Running down the street laughing, I didn’t see the beggar until the last second. I tried my best to avoid slamming directly into him, but with only partial success. I clipped his left side and tripped over a crate on the roadside, sprawling out and scraping my hands against the rough cobble. I turned to say sorry, but the beggar was already approaching me fast. His near-dreaded dirty hair and soot-covered skin gave his ice-blue eyes an odd, otherworldly quality. His clothes were old, torn, and dirtier than he was with only the occasional red or blue showing through the mud and grime on them.
“What the hell do you think you’re doing?” the man yelled as he looked down at me lying on the ground. “You could have been killed, or worse.”
I had turned to run, but when he said worse, I hesitated. “What do you mean, ‘or worse,'” I asked.
He looked around and crouch down close to me, offering his hand. “There are things happening here in Malton that you don’t understand. Dark things. Evil creatures lurking around every corner.” The man’s eyes darted around for a moment before he reached down and grabbed me. “Do you really want to know?” His stare was intense, and his breath smelled of ale.

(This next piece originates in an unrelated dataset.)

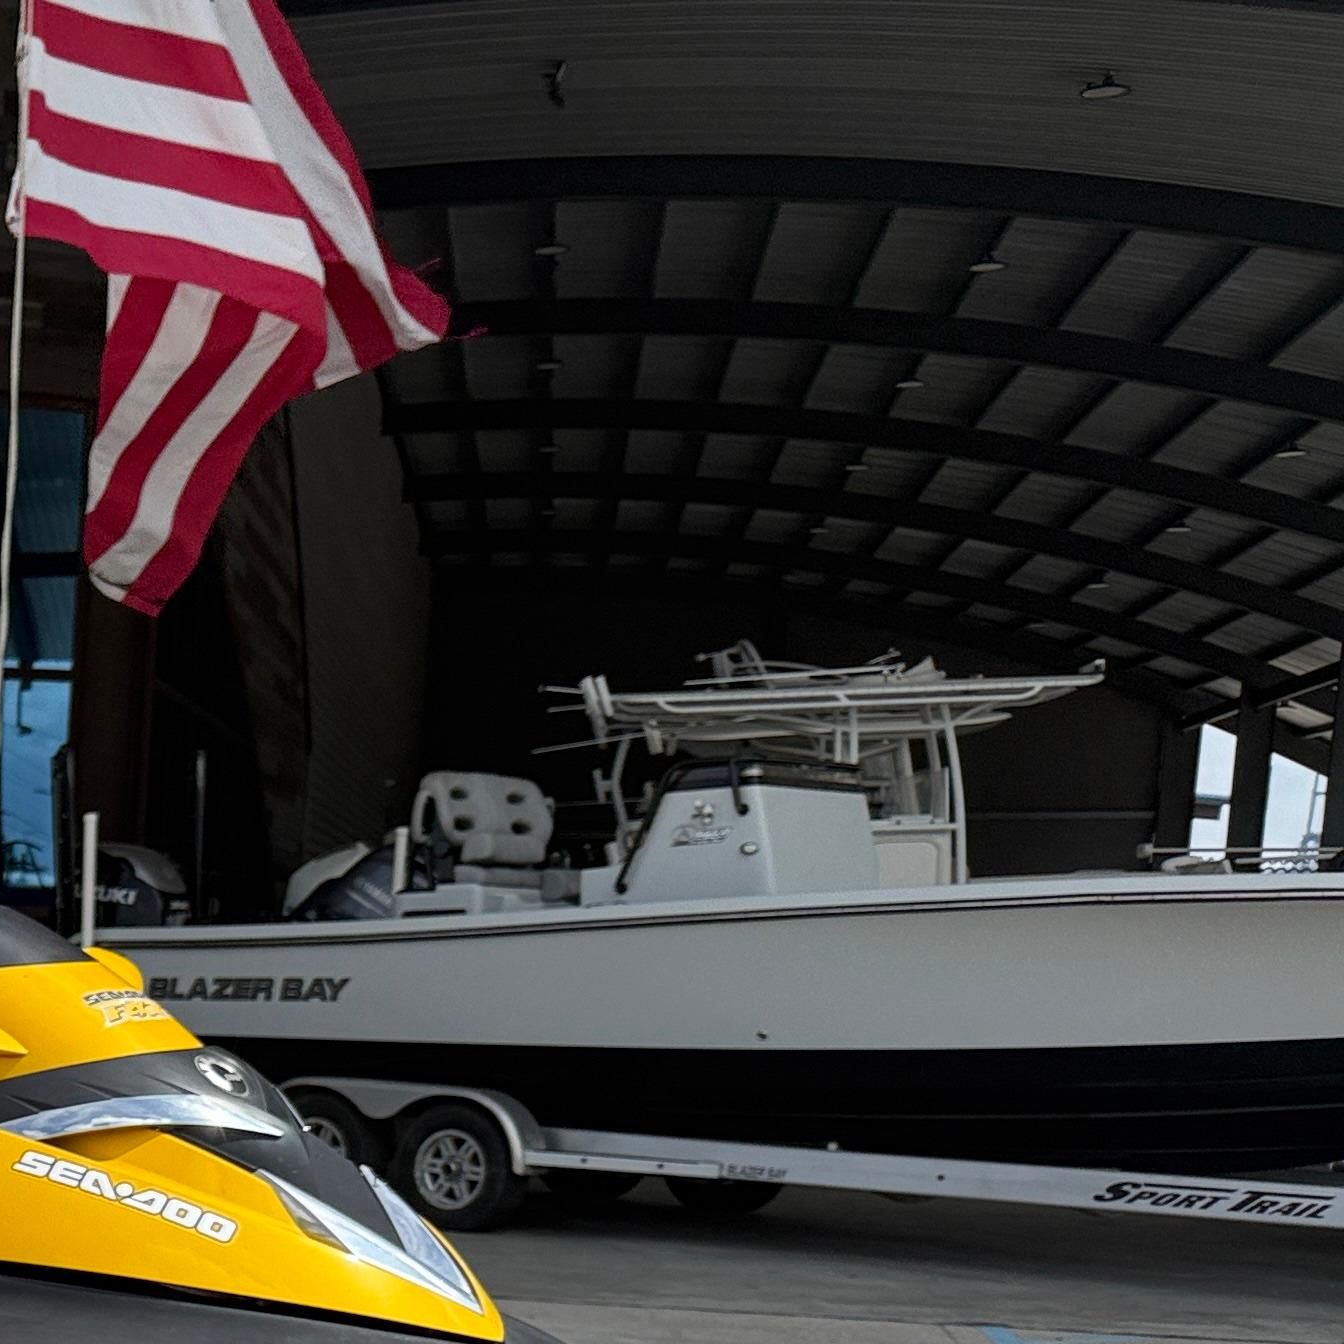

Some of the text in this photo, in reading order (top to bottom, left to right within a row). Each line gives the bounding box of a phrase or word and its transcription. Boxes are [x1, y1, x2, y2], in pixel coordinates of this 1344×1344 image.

“I-I’m sorry,” I said, struggling to free myself from his grip. He released me and let me run away from him.
“Watch for the teardrops!” He called behind me. “If you see them, run!”
I continued around the corner, down the street, and into the smithy.
“Sorry, Gavin, I overslept,” I said as I grabbed an apron from the peg and tied it around my waist.
“This is the fourth time in two weeks, Kedan,” Gavin replied. “I know things are hard at home, but are you sure you want this job? It might be too much for you.”
“I do! I really do, Gavin. It won’t happen again, I promise. Please, I can’t afford to-” I stopped when Gavin put up a hand.
“You don’t need to grovel, Kedan. I know you appreciate this. I wouldn’t have hired you if you didn’t take it seriously. It doesn’t hurt that your father was a legendary smith in his own right,” Gavin said. “I just need to know that you understand that this is not the kind of job that you can show up late to. I lost two hours this morning already because you weren’t here to light the fires.”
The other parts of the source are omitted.